Purely “data-driven”
There is no doubt that the introduction of AlphaCode represents a substantial step in the development of machine learning models.
Interestingly, AlphaCode does not contain explicit built-in knowledge about the structure of computer code.
Instead, it relies on a purely "data-driven" approach to writing code, which is to learn the structure of computer programs by simply observing large amounts of existing code.
Article address: https://www.science.org/doi/10.1126/science.add8258
Fundamentally, what makes AlphaCode better than other systems on competitive programming tasks comes down to two main attributes:
1. Training Data
2. Post-processing of candidate solutions
But computer code is a highly structured medium and programs must adhere to a defined syntax , and must produce explicit pre- and post-conditions in different parts of the solution.
The method used by AlphaCode when generating code is exactly the same as when generating other text content - one token at a time, and the correctness of the program is only checked after the entire program is written. .
Given the appropriate data and model complexity, AlphaCode can generate coherent structures. However, the final recipe for this sequential generation procedure is buried deep within the parameters of LLM and is elusive.
However, regardless of whether AlphaCode can really "understand" programming problems, it does reach the average human level in coding competitions.
"Solving programming competition problems is a very difficult thing and requires humans to have good coding skills and problem-solving creativity. AlphaCode is able to achieve success in this field I'm impressed with the progress and excited to see how the model uses its statement understanding to generate code and guide its stochastic exploration to create solutions."
—Petr Mitrichev, Google software engineer and world-class competitive programmer
AlphaCode placed in the top 54% of programming competitions, demonstrating how deep learning models require critical thinking potential in the task of thinking.
These models elegantly leverage modern machine learning to express solutions to problems as code, harkening back to AI’s symbolic reasoning roots from decades ago.
And this is just the beginning.
In the future, more powerful AIs that can solve problems will be born. Perhaps this day is not far away.
The above is the detailed content of Super programmed AI appears on the cover of Science! AlphaCode Programming Contest: Half of the Programmers Are Contested.

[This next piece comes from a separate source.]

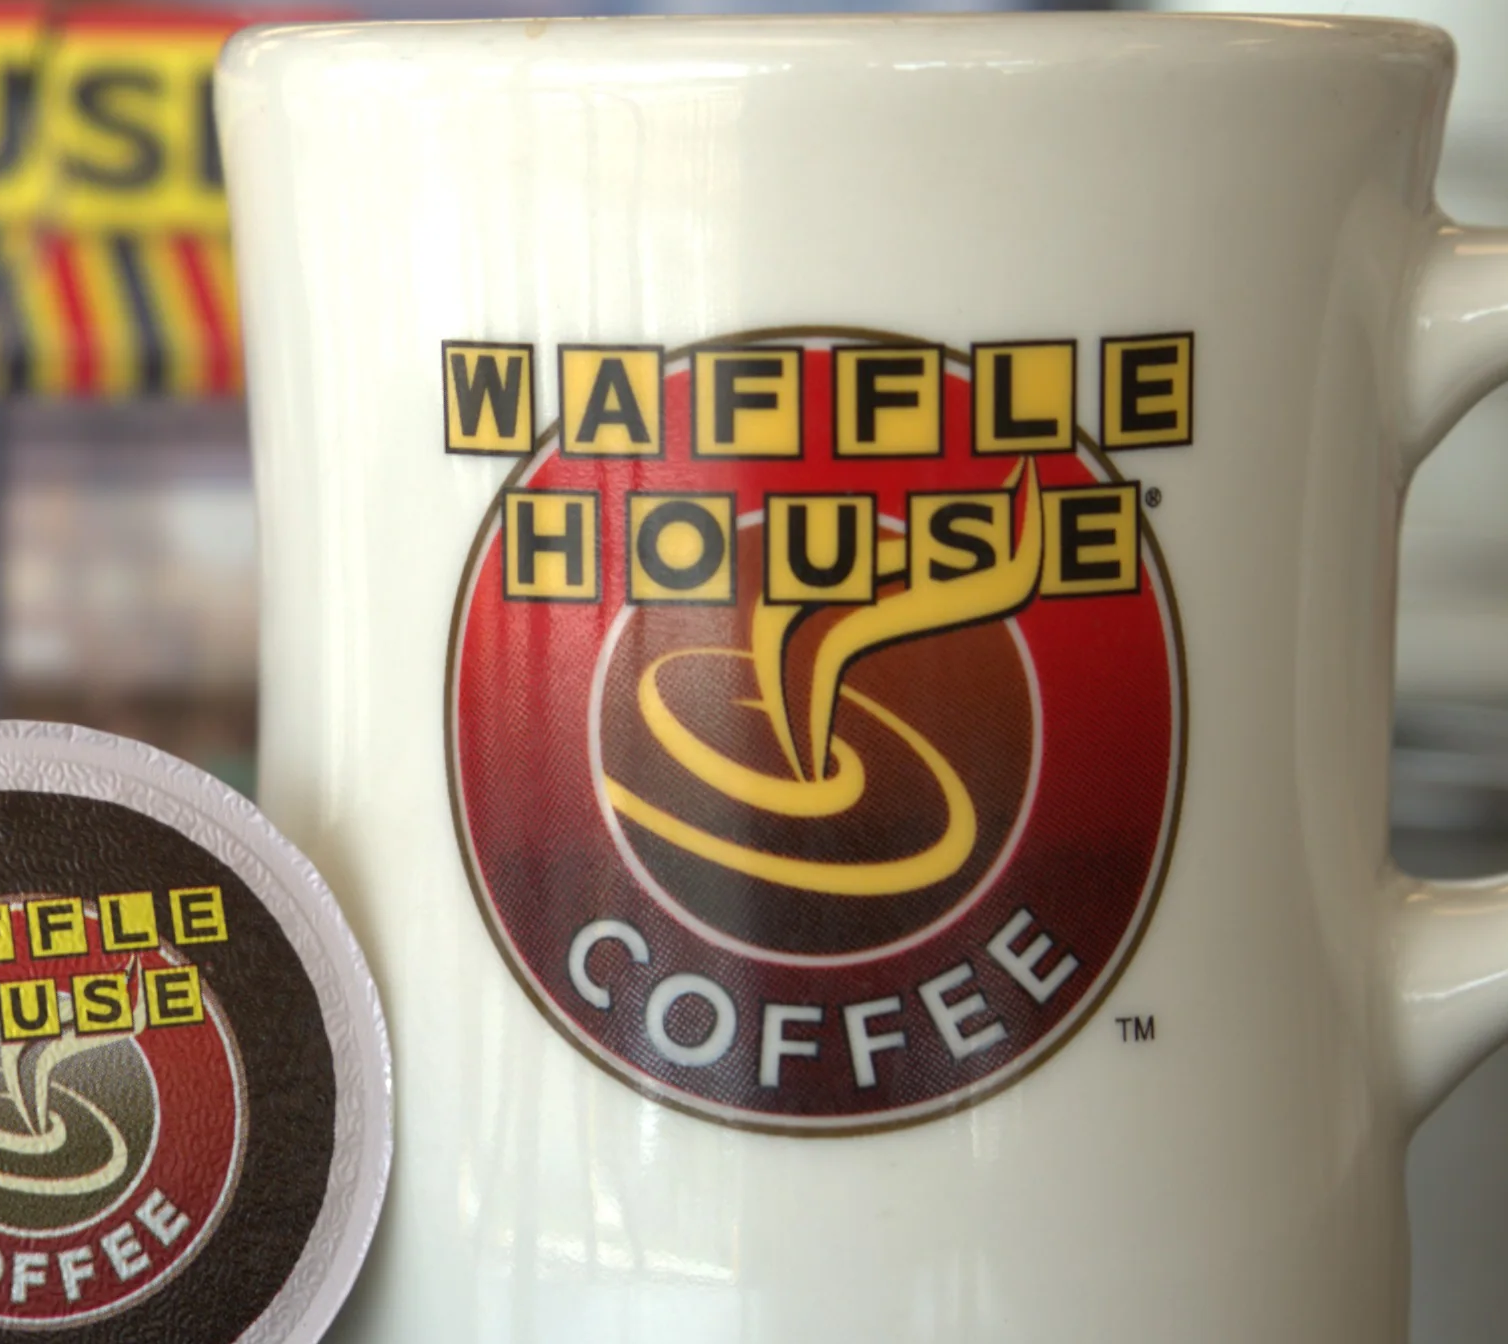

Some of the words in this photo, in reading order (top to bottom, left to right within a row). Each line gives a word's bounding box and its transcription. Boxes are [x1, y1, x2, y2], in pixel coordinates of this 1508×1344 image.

For more information, please follow other related articles on the PHP Chinese website!

Hot AI Tools

Undresser.AI Undress
AI-powered app for creating realistic nude photos

AI Clothes Remover
Online AI tool for removing clothes from photos.

Undress AI Tool
Undress images for free

Clothoff.io
AI clothes remover

Video Face Swap
Swap faces in any video effortlessly with our completely free AI face swap tool!

Hot Article

Hot Tools

Notepad++7.3.1
Easy-to-use and free code editor

SublimeText3 Chinese version
Chinese version, very easy to use

Zend Studio 13.0.1
Powerful PHP integrated development environment

Dreamweaver CS6
Visual web development tools

SublimeText3 Mac version
God-level code editing software (SublimeText3)

Hot Topics











Using the chrono library in C can allow you to control time and time intervals more accurately. Let's explore the charm of this library. C's chrono library is part of the standard library, which provides a modern way to deal with time and time intervals. For programmers who have suffered from time.h and ctime, chrono is undoubtedly a boon. It not only improves the readability and maintainability of the code, but also provides higher accuracy and flexibility. Let's start with the basics. The chrono library mainly includes the following key components: std::chrono::system_clock: represents the system clock, used to obtain the current time. std::chron

DMA in C refers to DirectMemoryAccess, a direct memory access technology, allowing hardware devices to directly transmit data to memory without CPU intervention. 1) DMA operation is highly dependent on hardware devices and drivers, and the implementation method varies from system to system. 2) Direct access to memory may bring security risks, and the correctness and security of the code must be ensured. 3) DMA can improve performance, but improper use may lead to degradation of system performance. Through practice and learning, we can master the skills of using DMA and maximize its effectiveness in scenarios such as high-speed data transmission and real-time signal processing.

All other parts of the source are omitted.